7C’est en reprenant ce fil que les théoriciens de la Tendenza italienne problématisent l’utopie — redevenue entre-temps, des propositions urbaines du xix e siècle à celles, technologiques, des années 1960, image d’un avenir souhaitable ou honni — et lui attribuent un rôle d’opérateur dans la conception architecturale : ni images d’avenir, ni rebuts de passé, les utopies seront constitutives de certaines œuvres, prises dans leur matérialité immédiate [10]. Qu’advient-il, dans la pratique, de ce concept d’utopie — paysage de désir, force de subversion, tension immanente à certains objets — qui, forgé dans les marges du milieu architectural français en temps de révolution, s’y invite deux siècles plus tard par l’entremise de la pensée italienne ?
Les politiques de la ville à l’horizon 1989
8Au début des années 1980, Jean-Louis Cohen pose un regard sur la scène française de l’immédiate après-guerre :
« La subordination du débat architectural aux grandes orientations de la politique publique aura des effets […] sur la culture architecturale tout comme sur les conditions de la pratique de l’architecture et le champ laissé à celle-ci : avec le lancement des grandes opérations de logements faisant suite au Plan Courant, un redécoupage des compétences va se réaliser insidieusement, et qui verra les architectes abandonner une série de leurs prérogatives au bénéfice de ces acteurs nouveaux que seront les bureaux d’études : cette scission entre architectes et ingénieurs […] va marquer durablement le contexte français et le distinguer des autres contextes européens [11]. »

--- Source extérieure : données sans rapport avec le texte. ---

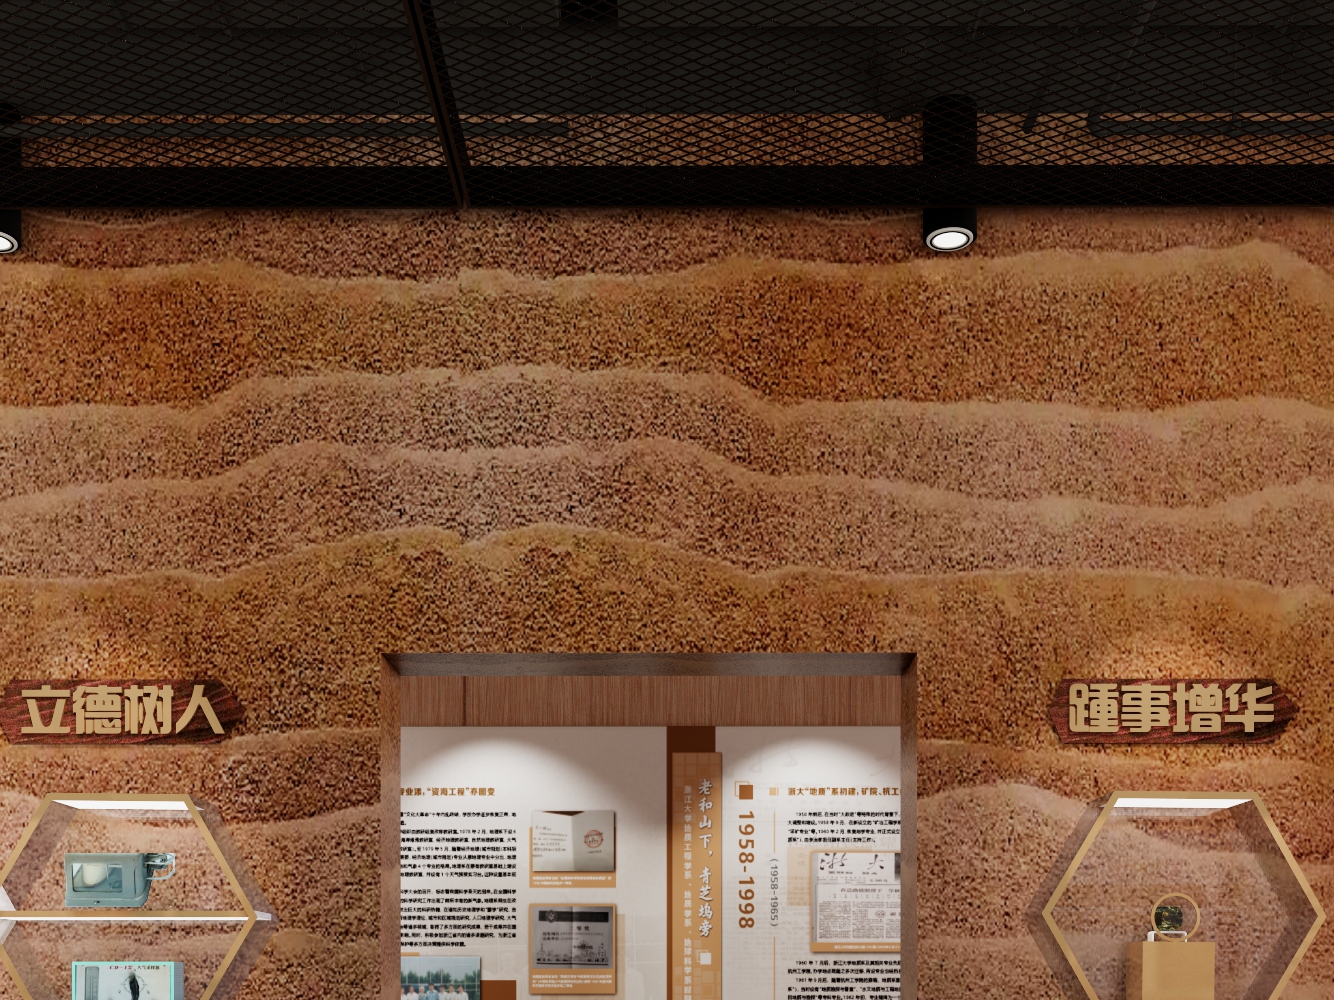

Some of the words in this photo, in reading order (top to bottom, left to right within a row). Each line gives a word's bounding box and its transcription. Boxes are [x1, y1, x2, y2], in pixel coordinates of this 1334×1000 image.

[20, 684, 226, 735] 立德树人
[1069, 682, 1275, 733] 踵事增华
[738, 811, 755, 929] 1958-1998
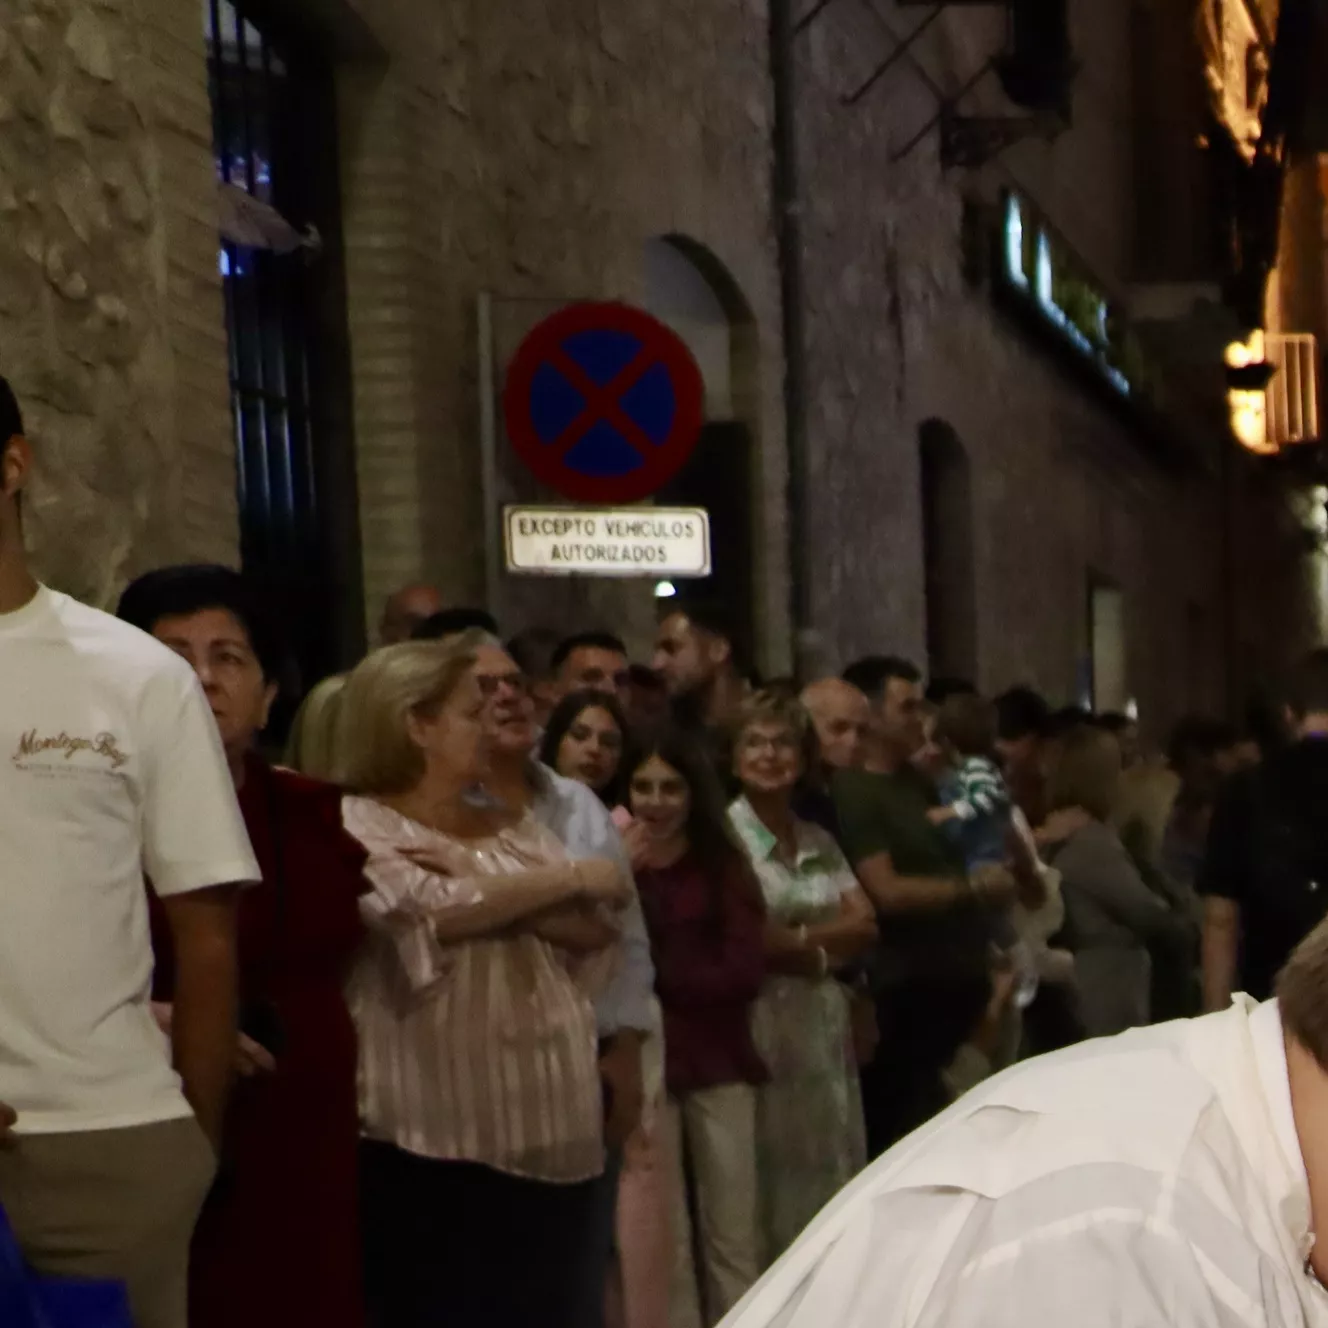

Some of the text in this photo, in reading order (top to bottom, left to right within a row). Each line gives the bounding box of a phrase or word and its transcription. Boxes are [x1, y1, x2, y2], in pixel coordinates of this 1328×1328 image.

[518, 517, 694, 538] EXCEPTO VEHICULOS
[550, 543, 668, 563] AUTORIZADOS

10Contexte qui verra l’émergence d’une distinction supplémentaire :
« Quand bien même les architectes français se révèlent-ils capables d’absorber les rayonnements d’autres univers que le leur — en l’occurrence l’Italie —, ils n’en restent pas moins incapables de produire la mémoire de leur propre culture. Cette névrose de l’oubli s’étend à nombre de segments de l’appareil d’État touchant à l’architecture, tels que l’enseignement ou la politique de promotion, et me semble être un des symptômes les plus graves de la crise de l’architecture comme discipline et comme culture [12]. »

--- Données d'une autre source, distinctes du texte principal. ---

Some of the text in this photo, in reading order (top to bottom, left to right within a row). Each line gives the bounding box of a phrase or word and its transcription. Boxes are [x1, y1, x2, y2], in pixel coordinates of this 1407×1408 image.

12On sait combien, à partir de 1972, les éditions successives du Programme architecture nouvelle (Pan) vont jouer un rôle de premier plan dans l’histoire de la réception de théories architecturales et dans l’élaboration de nouveaux modes opératoires. Il semblerait que certains projets aient eu — aussi — pour effet de bousculer des pratiques établies. C’est autour de ce débat qui, teinté d’italophilie [13], a exacerbé la pensée critique, déplacé les topoï de l’analyse urbaine et accueilli une poussée désirante, que les outils institutionnels et juridiques destinés à encadrer la rénovation urbaine se multiplient. De ce fait, ils deviennent, outre leur rôle dans la pratique et en raison de celui-ci, des instruments de critique de la politique qui les porte. Non par hasard, l’ouvrage consacré à la trajectoire du Plan Construction sera intitulé Rendre possible [14]. Portée collectivement, permettant d’opérer un pli interne à la discipline, l’utopie n’est pas loin.

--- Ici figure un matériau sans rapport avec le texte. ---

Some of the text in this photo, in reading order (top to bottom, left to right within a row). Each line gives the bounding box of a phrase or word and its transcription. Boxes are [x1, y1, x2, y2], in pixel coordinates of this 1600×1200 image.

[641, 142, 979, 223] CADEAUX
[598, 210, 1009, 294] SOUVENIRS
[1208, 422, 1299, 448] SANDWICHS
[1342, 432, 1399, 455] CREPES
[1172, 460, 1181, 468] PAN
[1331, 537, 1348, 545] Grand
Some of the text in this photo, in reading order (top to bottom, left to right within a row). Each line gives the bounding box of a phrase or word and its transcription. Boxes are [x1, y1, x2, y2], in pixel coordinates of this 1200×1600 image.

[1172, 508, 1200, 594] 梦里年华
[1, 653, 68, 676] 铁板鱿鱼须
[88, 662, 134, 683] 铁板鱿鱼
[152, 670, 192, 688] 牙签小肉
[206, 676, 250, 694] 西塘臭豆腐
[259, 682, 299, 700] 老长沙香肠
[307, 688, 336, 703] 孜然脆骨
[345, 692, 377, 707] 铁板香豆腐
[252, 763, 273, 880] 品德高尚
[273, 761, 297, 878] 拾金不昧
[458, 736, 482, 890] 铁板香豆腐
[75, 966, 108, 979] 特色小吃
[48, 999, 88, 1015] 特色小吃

13De nouvelles manières de faire la ville se mettent en place à l’horizon 1989, qui résultent du croisement de ces outils et de l’engagement d’architectes qui comprennent l’intérêt de s’en saisir. C’est le cas de Dominique Perrault, dont le parcours suit les méandres des « possibles » ouverts par le Plan Construction. Le travail — délibérément expérimental — d’un très jeune architecte non encore expérimenté peut-il relever d’une dynamique de l’utopie façonnant en temps réel, et le projet, et sa matérialisation ? L’analyse révèle, me semble-t-il, que ce travail s’insère dans les discours et les pratiques installées pour en prendre le contre-pied. Typique dans les questions qu’elle pose, atypique dans les réponses qu’elle apporte, sa démarche — qui opère au cœur des politiques publiques — montre combien l’effet d’utopie peut travailler le champ d’action et le décomposer. Je propose de déceler les lignes qui traversent cette démarche pour comprendre comment un « petit » projet a pu instiller, sur la scène architecturale, une manière de penser contre.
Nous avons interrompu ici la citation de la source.